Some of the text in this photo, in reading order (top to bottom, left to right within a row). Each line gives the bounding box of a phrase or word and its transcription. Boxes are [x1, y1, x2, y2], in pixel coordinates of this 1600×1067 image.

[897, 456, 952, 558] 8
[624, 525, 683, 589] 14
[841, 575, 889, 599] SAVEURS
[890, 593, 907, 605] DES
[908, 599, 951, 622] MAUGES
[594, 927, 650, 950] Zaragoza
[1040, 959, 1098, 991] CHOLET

--- --- ---

* _TASK INSTRUCTIONS_
Restate each entry above word for word.

* _RESULT_
Some of the text in this photo, in reading order (top to bottom, left to right within a row). Each line gives the bounding box of a phrase or word and its transcription. Boxes are [x1, y1, x2, y2], in pixel coordinates of this 1600×1067 image.

[897, 456, 952, 558] 8
[624, 525, 683, 589] 14
[841, 575, 889, 599] SAVEURS
[890, 593, 907, 605] DES
[908, 599, 951, 622] MAUGES
[594, 927, 650, 950] Zaragoza
[1040, 959, 1098, 991] CHOLET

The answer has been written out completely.